Emperor Zhenguan
About This Novel
When he opened his eyes, the world was already in chaos. War smoke filled the air at the end of the Sui Dynasty. Li Zhiyun had a second brother who could fight. As long as he waited for death and became a handsome king, he could live a life of drunkenness and wealth. But the butterfly's wings flapped slightly, and a tornado was set off in the early Tang Dynasty. During the Wude years, things seemed peaceful, but in fact things were turbulent. Follow the prince, follow the second brother of Admiral Tiance, or go by yourself. This way or that way, this is what Mr. Sha said, and now, everything has begun.
What Readers Think
Rating
Community(0)
Official(36)Scraped 25d ago
. . .
I have been obscene for too long, and I try not to take any credit for my achievements. There is no one in the court, and there are not many soldiers and horses. What can you use to make a comeback? After pretending to be a pig for a long time, you really become a pig. It took hundreds of chapters to realize that my power was weak. What are we doing in more than three to four hundred chapters?
The first two chapters of this were good, and then the writing style turned into nonsense. It was so embarrassing to read.
I want to watch the extras and look forward to an interesting ending
Good writing style
The writing style is good, and there are occasional witticisms. It was a bit too much at first, but then it became more restrained, which felt good.
Has the male protagonist never seen a woman?
Being interested in someone who is good-looking is really the biggest mistake. If you can't write well, you don't want a female protagonist. You have to start a harem.
not good
What about these hundreds of forums? Writing history, the boss, the employee, the big brother and the little brother all come out with double bonus sticks frequently!
No wonder no one is watching.
I pressed a lot, and it was all nonsense. The protagonist is deprived of military power and nothing is given to the protagonist. What you wrote is too outrageous. Even if the president of the country lays you off and retires, at least he will give you a pension.
pretty good
It's worth recommending. If you like it, you can take a look.
Overall, it's pretty good. The only thing is that the prince should be addressed as His Highness, and the Emperor should be addressed as His Majesty.
Don't overuse modern words and miss the sense of history.
Rating
Community(0)
Official(36)Scraped 25d ago
. . .
I have been obscene for too long, and I try not to take any credit for my achievements. There is no one in the court, and there are not many soldiers and horses. What can you use to make a comeback? After pretending to be a pig for a long time, you really become a pig. It took hundreds of chapters to realize that my power was weak. What are we doing in more than three to four hundred chapters?
The first two chapters of this were good, and then the writing style turned into nonsense. It was so embarrassing to read.
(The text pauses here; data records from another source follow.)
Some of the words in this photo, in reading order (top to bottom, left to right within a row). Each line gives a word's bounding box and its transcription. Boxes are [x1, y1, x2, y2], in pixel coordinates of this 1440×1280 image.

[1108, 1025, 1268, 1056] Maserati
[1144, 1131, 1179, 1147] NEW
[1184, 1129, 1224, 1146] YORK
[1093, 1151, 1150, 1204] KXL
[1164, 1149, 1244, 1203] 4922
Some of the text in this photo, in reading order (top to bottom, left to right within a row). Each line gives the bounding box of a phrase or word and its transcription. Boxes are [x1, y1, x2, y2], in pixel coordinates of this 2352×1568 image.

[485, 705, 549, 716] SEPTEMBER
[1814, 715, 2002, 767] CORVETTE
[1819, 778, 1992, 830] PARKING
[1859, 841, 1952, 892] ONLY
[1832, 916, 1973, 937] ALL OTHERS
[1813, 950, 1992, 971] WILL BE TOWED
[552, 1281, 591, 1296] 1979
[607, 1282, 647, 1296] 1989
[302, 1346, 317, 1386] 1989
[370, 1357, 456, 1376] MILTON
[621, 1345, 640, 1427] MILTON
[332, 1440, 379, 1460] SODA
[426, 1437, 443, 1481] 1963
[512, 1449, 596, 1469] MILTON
I want to watch the extras and look forward to an interesting ending
Good writing style
The writing style is good, and there are occasional witticisms. It was a bit too much at first, but then it became more restrained, which felt good.
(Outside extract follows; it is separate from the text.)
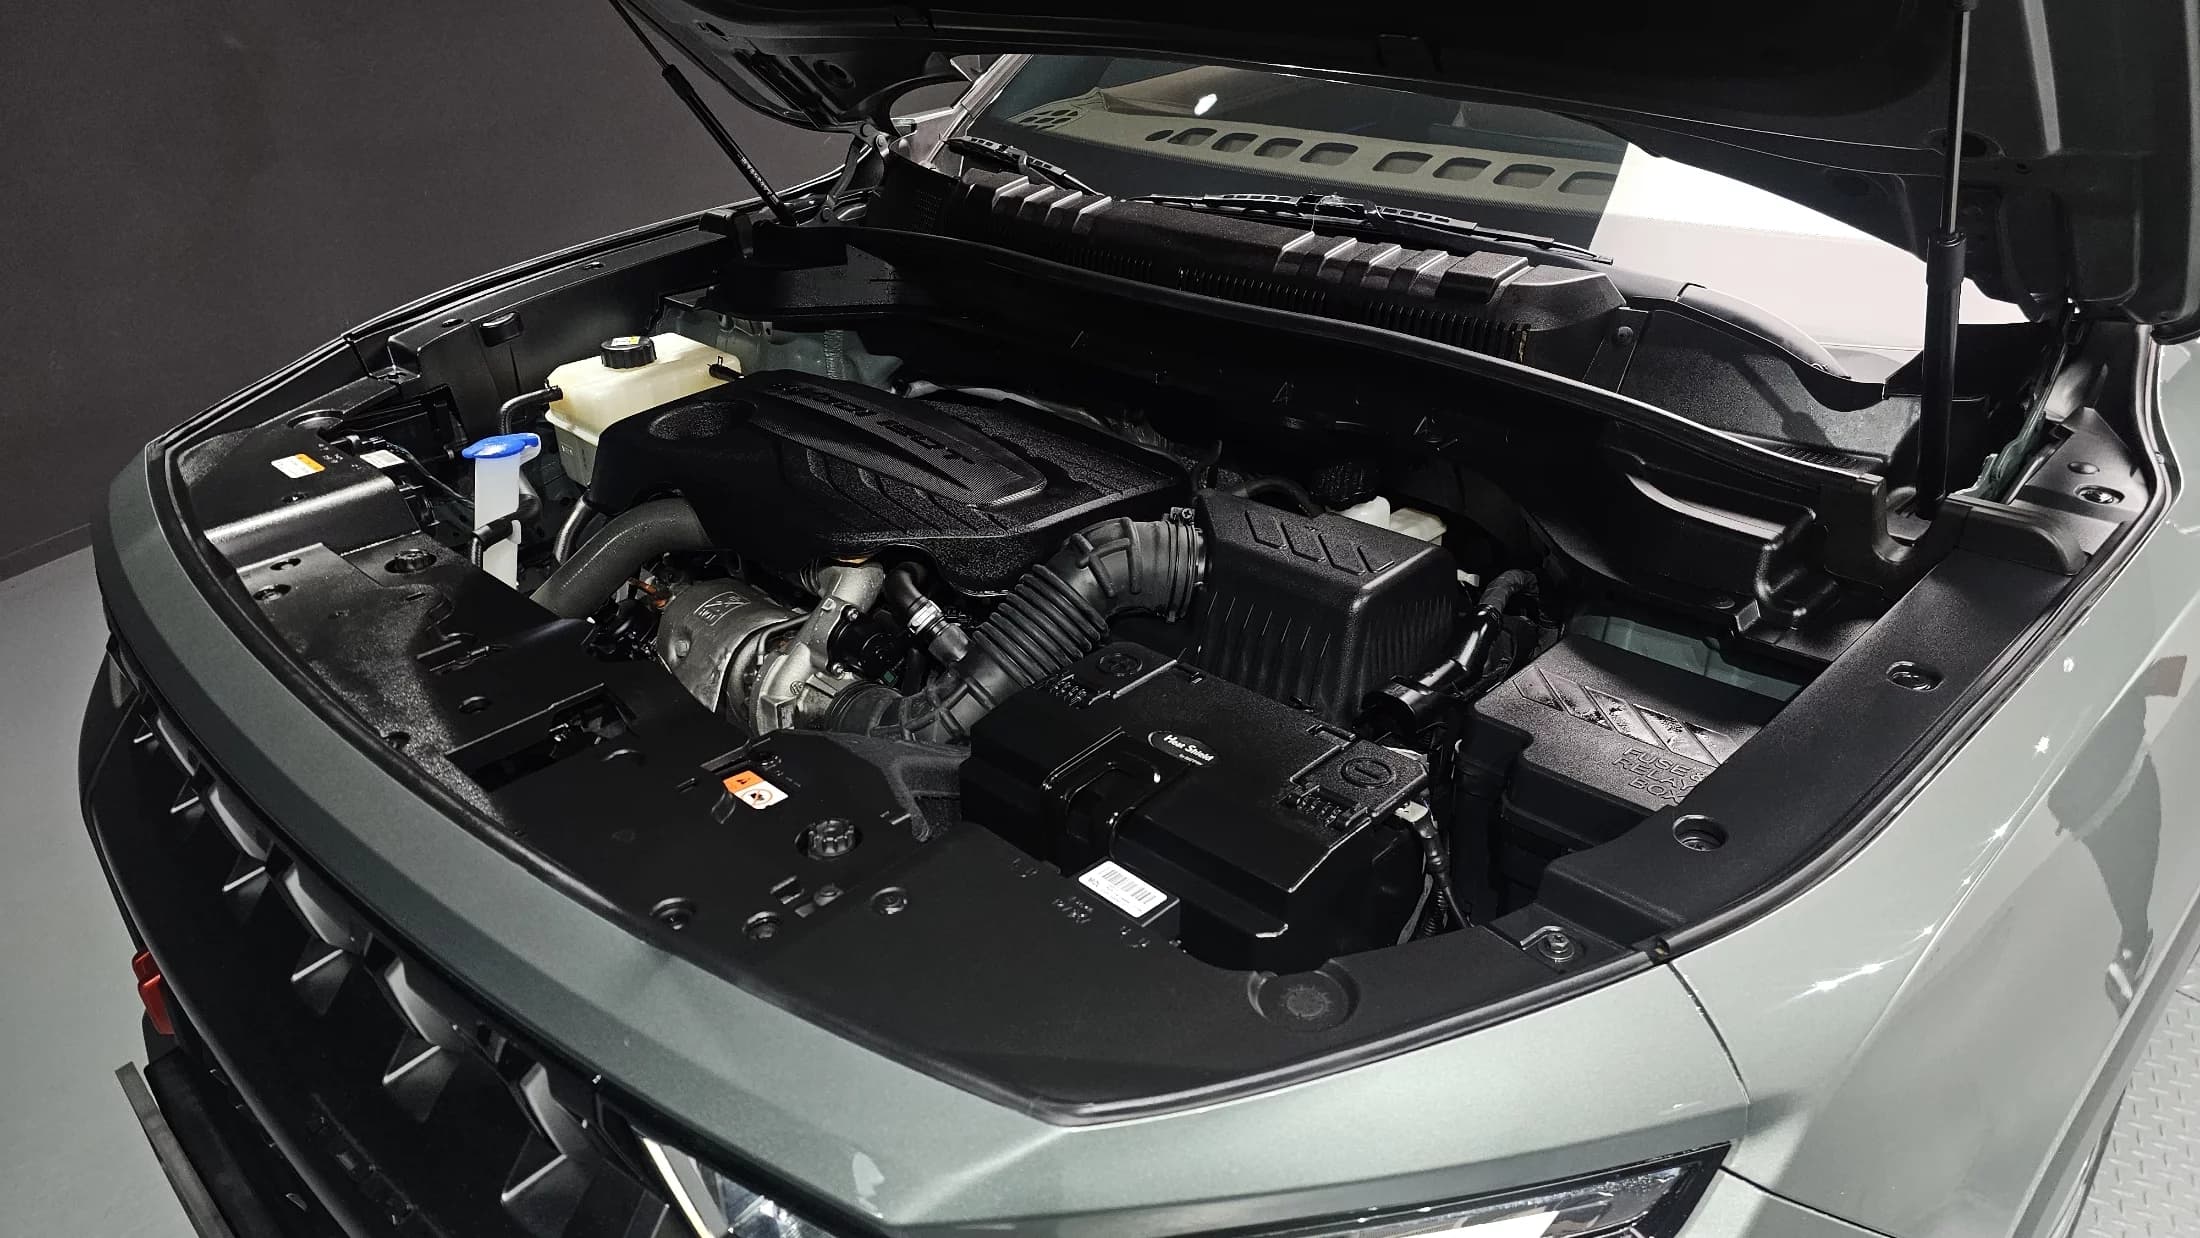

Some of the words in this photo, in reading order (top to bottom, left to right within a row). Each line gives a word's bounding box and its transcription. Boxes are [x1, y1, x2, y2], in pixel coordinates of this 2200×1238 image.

Has the male protagonist never seen a woman?
Being interested in someone who is good-looking is really the biggest mistake. If you can't write well, you don't want a female protagonist. You have to start a harem.
not good
What about these hundreds of forums? Writing history, the boss, the employee, the big brother and the little brother all come out with double bonus sticks frequently!
No wonder no one is watching.
I pressed a lot, and it was all nonsense. The protagonist is deprived of military power and nothing is given to the protagonist. What you wrote is too outrageous. Even if the president of the country lays you off and retires, at least he will give you a pension.
pretty good
It's worth recommending. If you like it, you can take a look.
Overall, it's pretty good. The only thing is that the prince should be addressed as His Highness, and the Emperor should be addressed as His Majesty.
Don't overuse modern words and miss the sense of history.